** DATA PROVIDED follows **
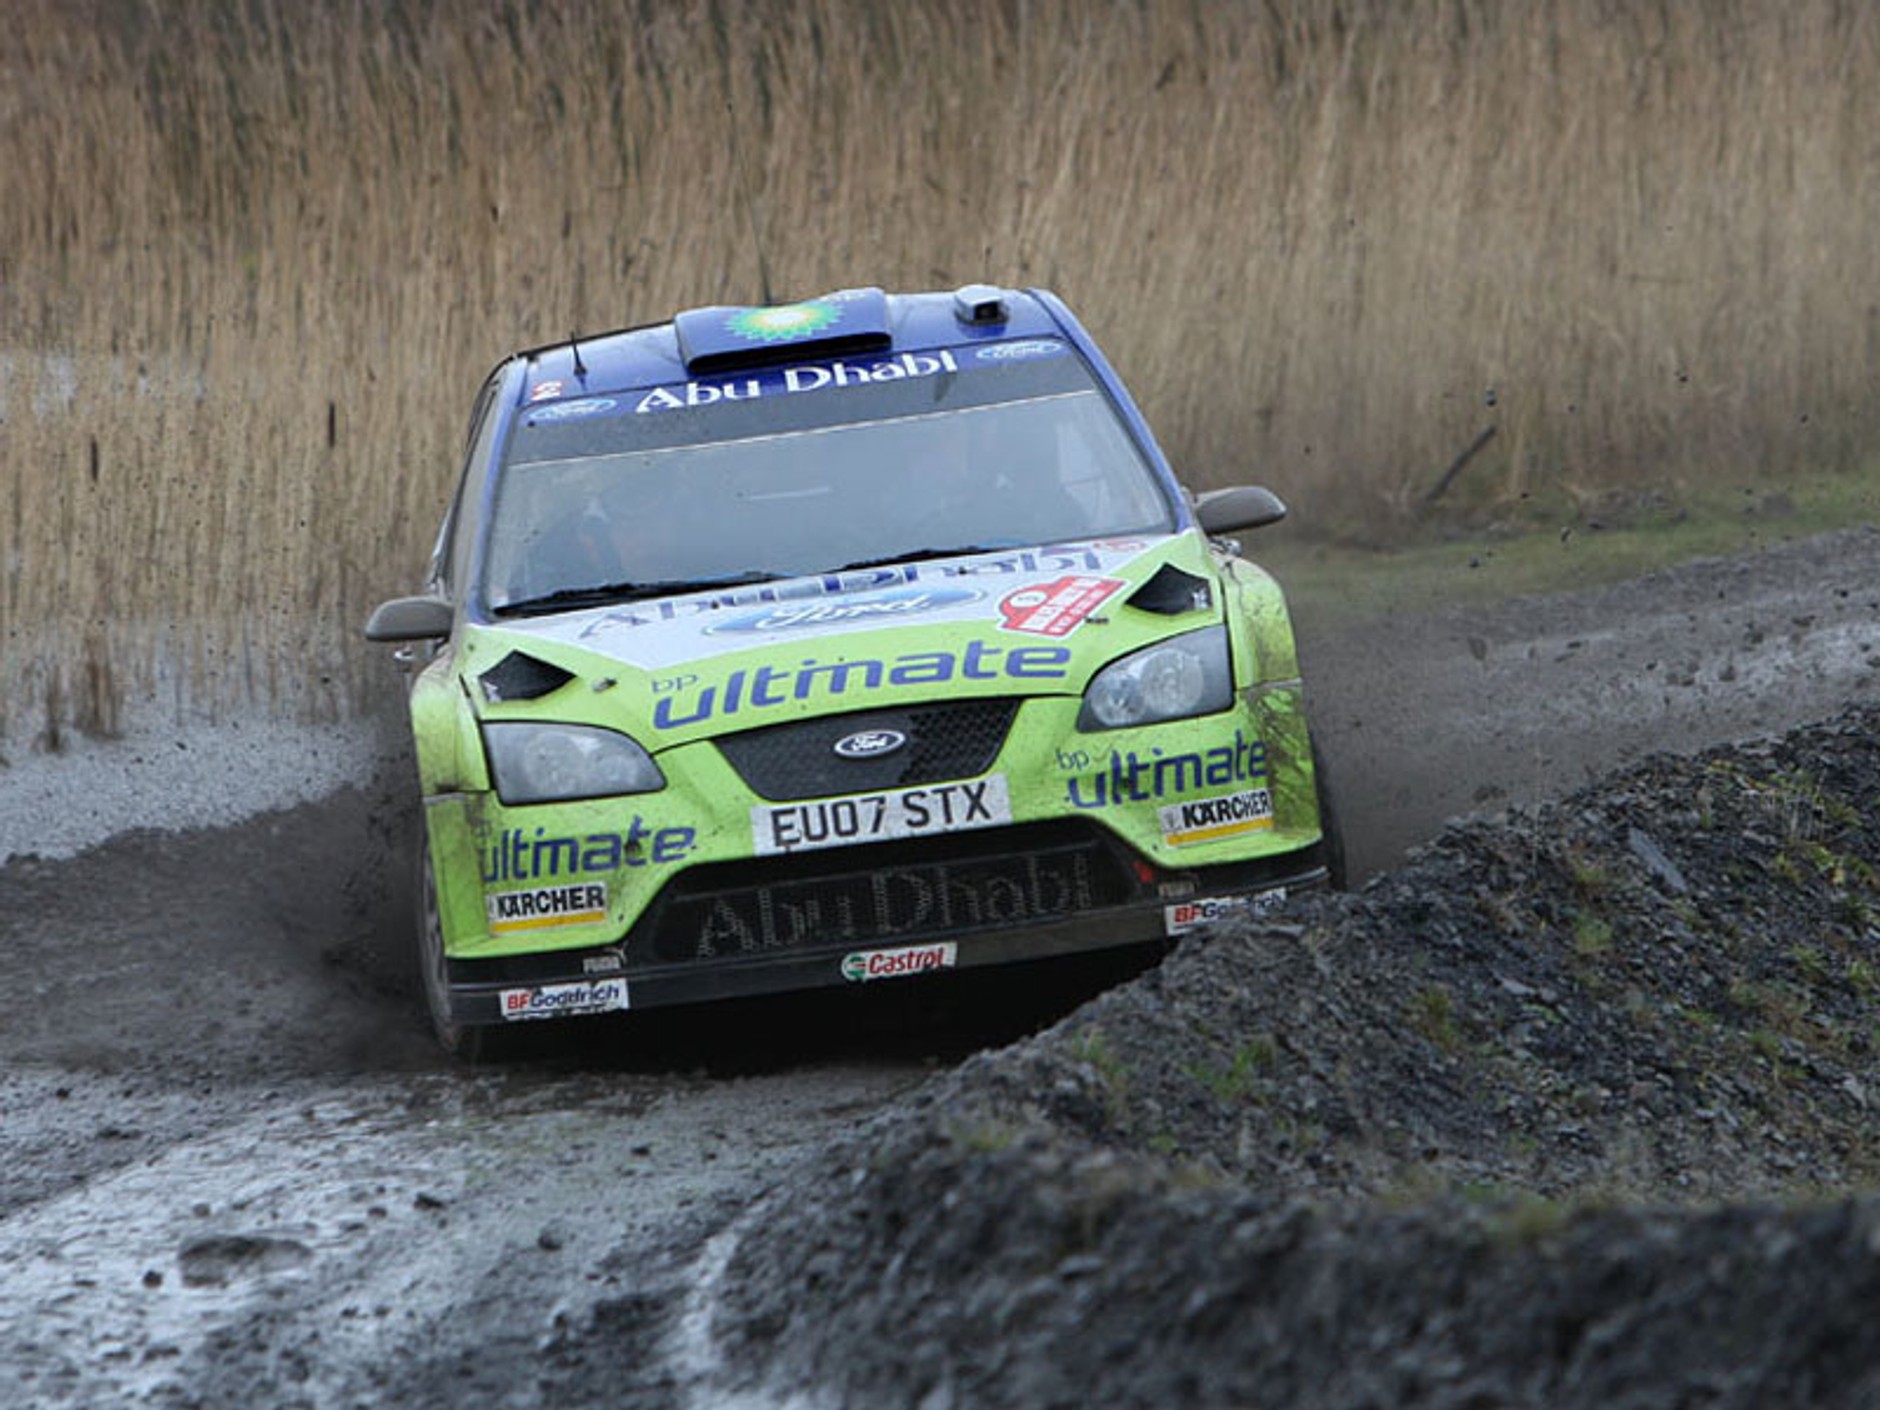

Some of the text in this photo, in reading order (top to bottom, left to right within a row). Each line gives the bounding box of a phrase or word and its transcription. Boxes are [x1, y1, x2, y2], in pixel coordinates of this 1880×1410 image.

[634, 379, 761, 414] Abu
[652, 672, 699, 694] bp
[652, 639, 1072, 731] ultimate
[1055, 748, 1090, 771] bp
[1067, 728, 1270, 809] ultimate
[770, 781, 991, 848] EU07 STX
[868, 949, 947, 977] Castrol
[507, 984, 620, 1011] BFGoodrich
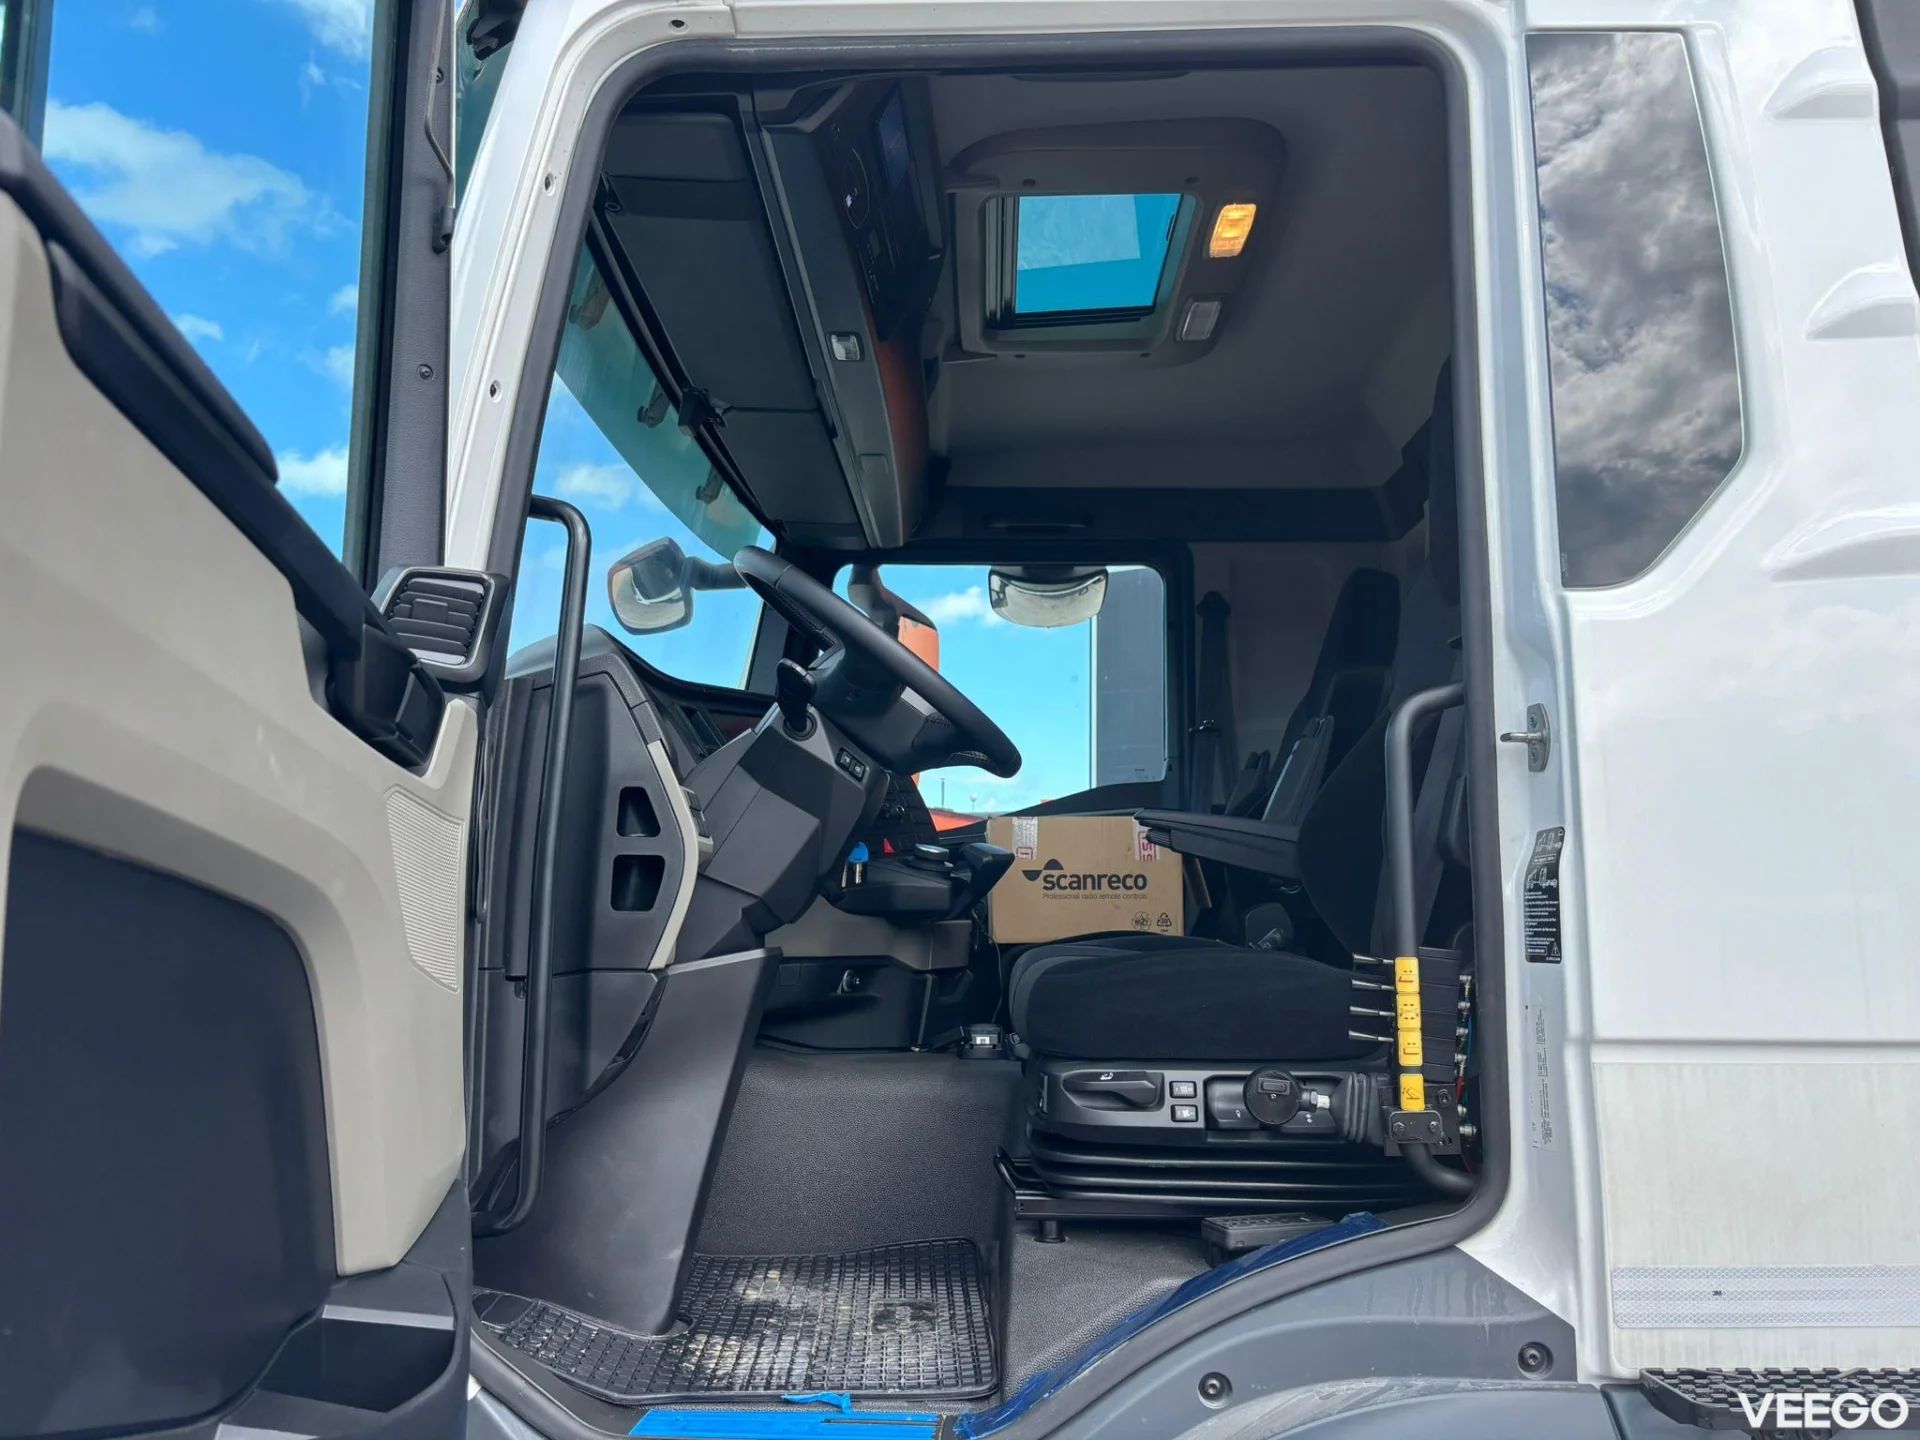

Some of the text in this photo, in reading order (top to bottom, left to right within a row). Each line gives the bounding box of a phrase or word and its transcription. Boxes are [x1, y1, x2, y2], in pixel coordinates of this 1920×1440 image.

[1042, 873, 1148, 891] scanreco
[1042, 892, 1080, 900] Professional
[1081, 892, 1098, 900] radio
[1099, 892, 1121, 900] remote
** End of DATA PROVIDED **
# PROBLEM TO SOLVE
Every line from the one containing "this 1920×1440 image." to the close of the records must be reproduced exactly. Include both ends and nothing more.

# SOLUTION TO THIS EXERCISE
Some of the text in this photo, in reading order (top to bottom, left to right within a row). Each line gives the bounding box of a phrase or word and its transcription. Boxes are [x1, y1, x2, y2], in pixel coordinates of this 1920×1440 image.

[1042, 873, 1148, 891] scanreco
[1042, 892, 1080, 900] Professional
[1081, 892, 1098, 900] radio
[1099, 892, 1121, 900] remote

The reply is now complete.